Being tied into this model of low-wage export-orientated growth has simply continued the reliance on the US. For any change to occur it would appear that the PRC requires – for better or worse – a consumer economy. To begin the sale of goods on a wide-scale to its own population, it would appear that the PRC would be required to undermine its own wage stagnation in order to free up disposable incomes, or to enact large-scale welfare provisions in order to reduce saving levels. Yet this does not appear to be happening, the proportion of domestic consumption as a percentage of GDP has declined rapidly to under 40 per cent of GDP.

Although policies such as minimum wage rises have been introduced to increase domestic consumption, focus has still been on maintaining export growth and FDI for the benefit of the ‘elitist’ faction and their supporters – of which China’s new leader, Xi Jinping, is a member. (It should be noted in light of the Bo Xilai purge, the nebulous factions of the CCP hierarchy have become even more difficult to interpret – the path of the Politburo’s 6th generation is far from certain.) However, the Eurozone crisis and the US slowdown have focused China’s leaders for the moment on maintaining growth as priority rather than any restructuring. With the onset of the global crisis of 2008, the PRC rolled out a mega-stimulus package amounting to $570bn in 2008, the majority of which went to investment in industry that was designed to protect the profits of the coastal elite rather than rebalance the economy. The CCP has resumed export-promotion measures such as rebates on value-added taxes on exports and the prevention of the appreciation of the renminbi. As such, the calls from Beijing to move towards increasing domestic consumption have been hollow, with economists “sceptical that the government’s ambitions on rebalancing the Chinese economy would be met, especially as Beijing has made similar commitments for nearly a decade.” This only goes to add to the suspicion that the CCP leaders want nothing less than to disturb their mutually beneficial relationship with the US.

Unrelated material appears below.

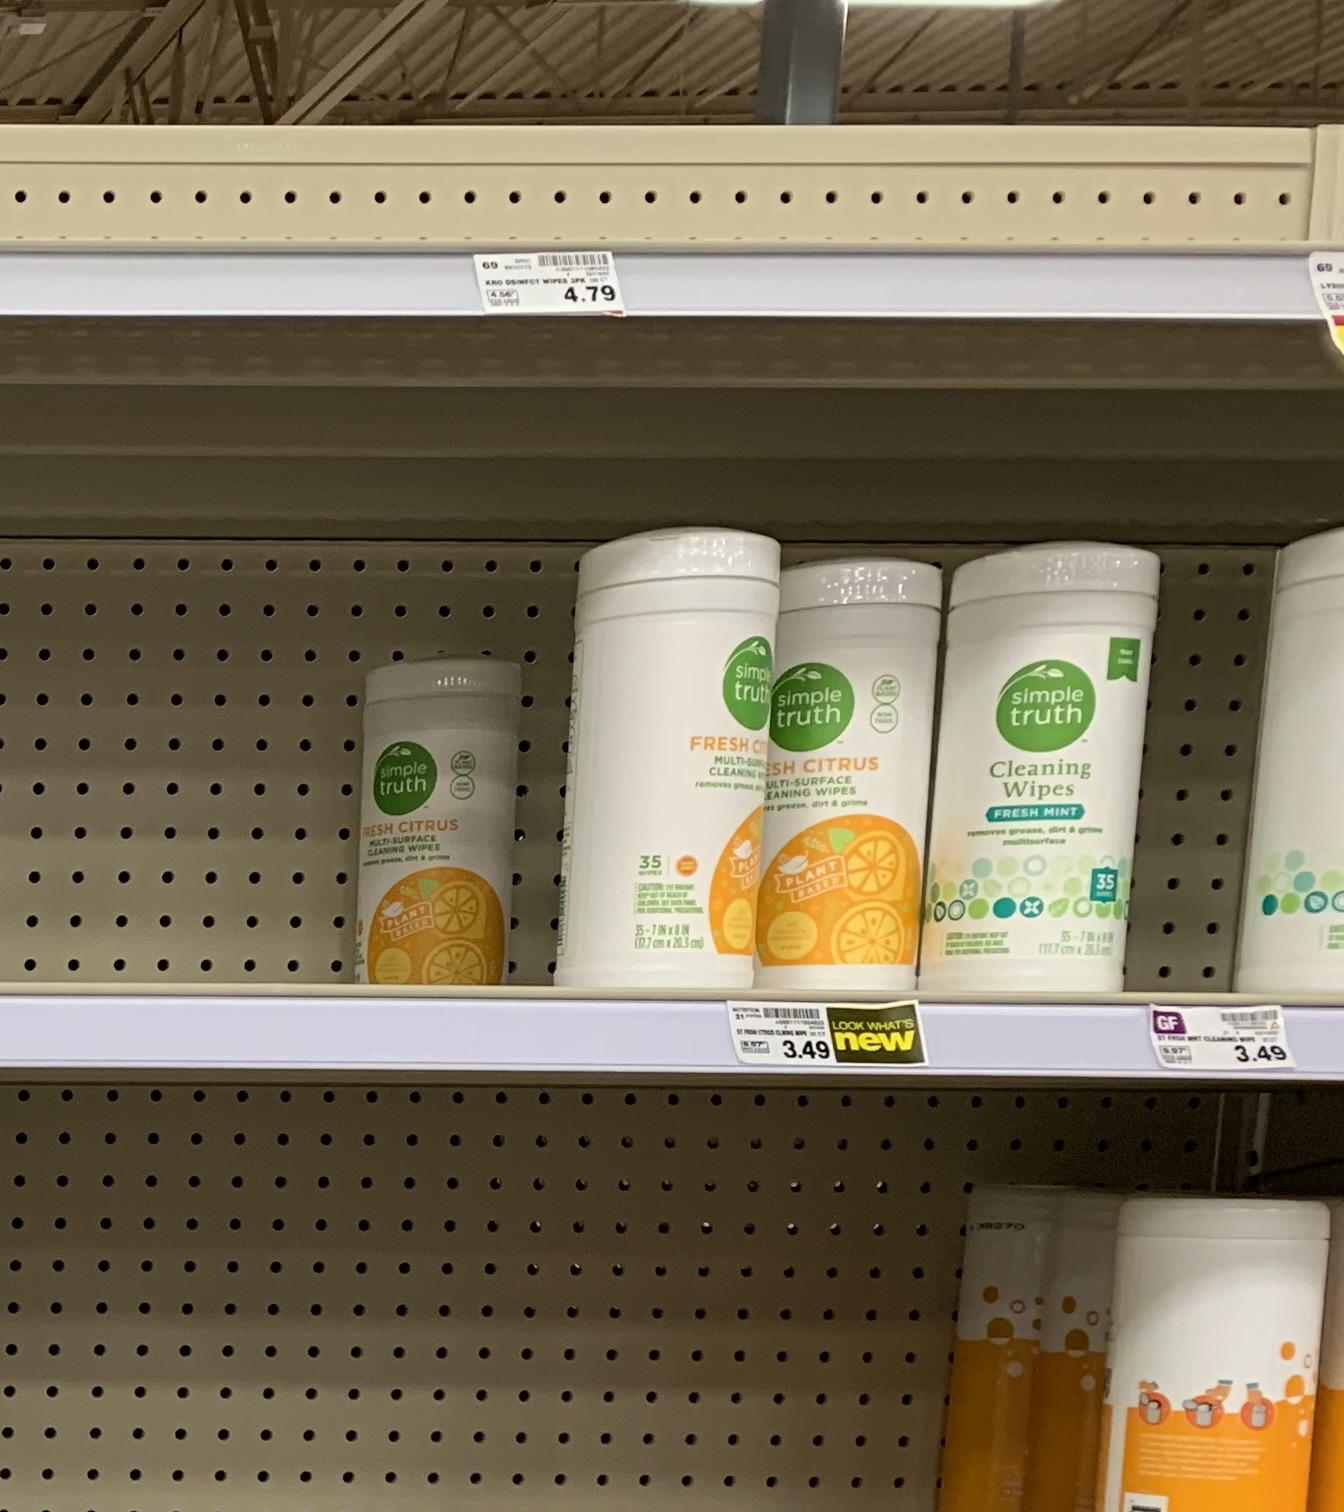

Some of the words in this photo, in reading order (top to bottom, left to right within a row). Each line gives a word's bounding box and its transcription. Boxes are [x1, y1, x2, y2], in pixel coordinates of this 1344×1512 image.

The failure to promote domestic consumption suggests that any move to break the export-driven trade surplus cycle is unlikely. An economy addicted to exports, combined with political influence of the urban-industrial elites, is responsible for preventing the transformation of China into a nation of consumers. And as long as the relationship between the political-business elites in the US and China remains mutually beneficial – they are after all “kindred spirits” – then US global hegemony will remain unchallenged.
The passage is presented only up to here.